→ TASK STATEMENT
The answer should consist of all the records, copied exactly.
WORKING DATA Start Marker
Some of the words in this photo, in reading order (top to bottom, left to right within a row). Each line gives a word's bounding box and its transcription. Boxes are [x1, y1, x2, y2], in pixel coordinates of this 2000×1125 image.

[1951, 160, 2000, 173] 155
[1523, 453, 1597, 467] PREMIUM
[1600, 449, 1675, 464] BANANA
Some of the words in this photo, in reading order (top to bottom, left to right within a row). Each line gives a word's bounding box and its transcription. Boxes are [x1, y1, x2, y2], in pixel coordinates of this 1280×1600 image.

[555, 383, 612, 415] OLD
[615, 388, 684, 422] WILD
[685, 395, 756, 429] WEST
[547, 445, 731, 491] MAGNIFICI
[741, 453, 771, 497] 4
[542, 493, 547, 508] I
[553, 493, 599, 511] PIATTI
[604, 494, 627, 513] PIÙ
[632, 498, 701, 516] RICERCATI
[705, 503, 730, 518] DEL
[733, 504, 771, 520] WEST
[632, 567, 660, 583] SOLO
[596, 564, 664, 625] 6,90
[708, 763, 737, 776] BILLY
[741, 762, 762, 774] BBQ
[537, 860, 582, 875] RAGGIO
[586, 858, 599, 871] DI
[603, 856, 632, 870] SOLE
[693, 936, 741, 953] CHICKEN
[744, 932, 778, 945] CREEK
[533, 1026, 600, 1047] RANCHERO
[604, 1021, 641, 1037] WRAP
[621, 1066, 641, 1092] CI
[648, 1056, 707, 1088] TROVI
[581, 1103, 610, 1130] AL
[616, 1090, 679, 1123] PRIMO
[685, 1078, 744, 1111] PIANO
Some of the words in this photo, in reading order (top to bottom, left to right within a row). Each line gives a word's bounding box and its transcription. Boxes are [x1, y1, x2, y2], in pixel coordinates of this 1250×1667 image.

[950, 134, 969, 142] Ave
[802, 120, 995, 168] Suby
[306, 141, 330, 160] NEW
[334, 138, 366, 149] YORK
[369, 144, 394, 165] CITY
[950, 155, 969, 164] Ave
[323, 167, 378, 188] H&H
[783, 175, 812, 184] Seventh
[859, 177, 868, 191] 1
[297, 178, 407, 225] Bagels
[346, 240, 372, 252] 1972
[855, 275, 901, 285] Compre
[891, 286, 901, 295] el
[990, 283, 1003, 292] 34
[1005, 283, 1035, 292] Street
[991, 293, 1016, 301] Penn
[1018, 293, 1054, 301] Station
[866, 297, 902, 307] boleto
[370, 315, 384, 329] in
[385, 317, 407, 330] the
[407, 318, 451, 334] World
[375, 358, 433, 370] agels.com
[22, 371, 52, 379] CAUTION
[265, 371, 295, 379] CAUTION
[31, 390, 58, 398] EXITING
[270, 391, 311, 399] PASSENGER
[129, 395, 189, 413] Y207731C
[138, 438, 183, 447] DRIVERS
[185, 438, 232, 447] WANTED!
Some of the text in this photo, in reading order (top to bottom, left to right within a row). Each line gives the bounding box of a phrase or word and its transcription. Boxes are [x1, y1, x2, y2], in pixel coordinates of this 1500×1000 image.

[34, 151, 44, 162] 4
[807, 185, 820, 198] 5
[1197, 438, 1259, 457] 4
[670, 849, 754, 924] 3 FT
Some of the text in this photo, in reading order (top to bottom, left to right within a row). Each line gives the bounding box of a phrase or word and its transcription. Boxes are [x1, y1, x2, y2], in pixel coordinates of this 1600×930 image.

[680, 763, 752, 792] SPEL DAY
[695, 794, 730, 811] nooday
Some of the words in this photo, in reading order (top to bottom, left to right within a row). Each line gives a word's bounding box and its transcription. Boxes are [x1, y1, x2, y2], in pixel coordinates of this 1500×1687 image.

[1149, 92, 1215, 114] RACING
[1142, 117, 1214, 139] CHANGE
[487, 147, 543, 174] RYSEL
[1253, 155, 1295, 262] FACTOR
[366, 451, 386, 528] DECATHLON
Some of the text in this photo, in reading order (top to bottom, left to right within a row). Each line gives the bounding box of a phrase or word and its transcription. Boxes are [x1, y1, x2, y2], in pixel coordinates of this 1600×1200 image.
WORKING DATA End Marker
→ REPLY TO THE TASK
Some of the words in this photo, in reading order (top to bottom, left to right within a row). Each line gives a word's bounding box and its transcription. Boxes are [x1, y1, x2, y2], in pixel coordinates of this 2000×1125 image.

[1951, 160, 2000, 173] 155
[1523, 453, 1597, 467] PREMIUM
[1600, 449, 1675, 464] BANANA
Some of the words in this photo, in reading order (top to bottom, left to right within a row). Each line gives a word's bounding box and its transcription. Boxes are [x1, y1, x2, y2], in pixel coordinates of this 1280×1600 image.

[555, 383, 612, 415] OLD
[615, 388, 684, 422] WILD
[685, 395, 756, 429] WEST
[547, 445, 731, 491] MAGNIFICI
[741, 453, 771, 497] 4
[542, 493, 547, 508] I
[553, 493, 599, 511] PIATTI
[604, 494, 627, 513] PIÙ
[632, 498, 701, 516] RICERCATI
[705, 503, 730, 518] DEL
[733, 504, 771, 520] WEST
[632, 567, 660, 583] SOLO
[596, 564, 664, 625] 6,90
[708, 763, 737, 776] BILLY
[741, 762, 762, 774] BBQ
[537, 860, 582, 875] RAGGIO
[586, 858, 599, 871] DI
[603, 856, 632, 870] SOLE
[693, 936, 741, 953] CHICKEN
[744, 932, 778, 945] CREEK
[533, 1026, 600, 1047] RANCHERO
[604, 1021, 641, 1037] WRAP
[621, 1066, 641, 1092] CI
[648, 1056, 707, 1088] TROVI
[581, 1103, 610, 1130] AL
[616, 1090, 679, 1123] PRIMO
[685, 1078, 744, 1111] PIANO
Some of the words in this photo, in reading order (top to bottom, left to right within a row). Each line gives a word's bounding box and its transcription. Boxes are [x1, y1, x2, y2], in pixel coordinates of this 1250×1667 image.

[950, 134, 969, 142] Ave
[802, 120, 995, 168] Suby
[306, 141, 330, 160] NEW
[334, 138, 366, 149] YORK
[369, 144, 394, 165] CITY
[950, 155, 969, 164] Ave
[323, 167, 378, 188] H&H
[783, 175, 812, 184] Seventh
[859, 177, 868, 191] 1
[297, 178, 407, 225] Bagels
[346, 240, 372, 252] 1972
[855, 275, 901, 285] Compre
[891, 286, 901, 295] el
[990, 283, 1003, 292] 34
[1005, 283, 1035, 292] Street
[991, 293, 1016, 301] Penn
[1018, 293, 1054, 301] Station
[866, 297, 902, 307] boleto
[370, 315, 384, 329] in
[385, 317, 407, 330] the
[407, 318, 451, 334] World
[375, 358, 433, 370] agels.com
[22, 371, 52, 379] CAUTION
[265, 371, 295, 379] CAUTION
[31, 390, 58, 398] EXITING
[270, 391, 311, 399] PASSENGER
[129, 395, 189, 413] Y207731C
[138, 438, 183, 447] DRIVERS
[185, 438, 232, 447] WANTED!
Some of the text in this photo, in reading order (top to bottom, left to right within a row). Each line gives the bounding box of a phrase or word and its transcription. Boxes are [x1, y1, x2, y2], in pixel coordinates of this 1500×1000 image.

[34, 151, 44, 162] 4
[807, 185, 820, 198] 5
[1197, 438, 1259, 457] 4
[670, 849, 754, 924] 3 FT
Some of the text in this photo, in reading order (top to bottom, left to right within a row). Each line gives the bounding box of a phrase or word and its transcription. Boxes are [x1, y1, x2, y2], in pixel coordinates of this 1600×930 image.

[680, 763, 752, 792] SPEL DAY
[695, 794, 730, 811] nooday
Some of the words in this photo, in reading order (top to bottom, left to right within a row). Each line gives a word's bounding box and its transcription. Boxes are [x1, y1, x2, y2], in pixel coordinates of this 1500×1687 image.

[1149, 92, 1215, 114] RACING
[1142, 117, 1214, 139] CHANGE
[487, 147, 543, 174] RYSEL
[1253, 155, 1295, 262] FACTOR
[366, 451, 386, 528] DECATHLON
Some of the text in this photo, in reading order (top to bottom, left to right within a row). Each line gives the bounding box of a phrase or word and its transcription. Boxes are [x1, y1, x2, y2], in pixel coordinates of this 1600×1200 image.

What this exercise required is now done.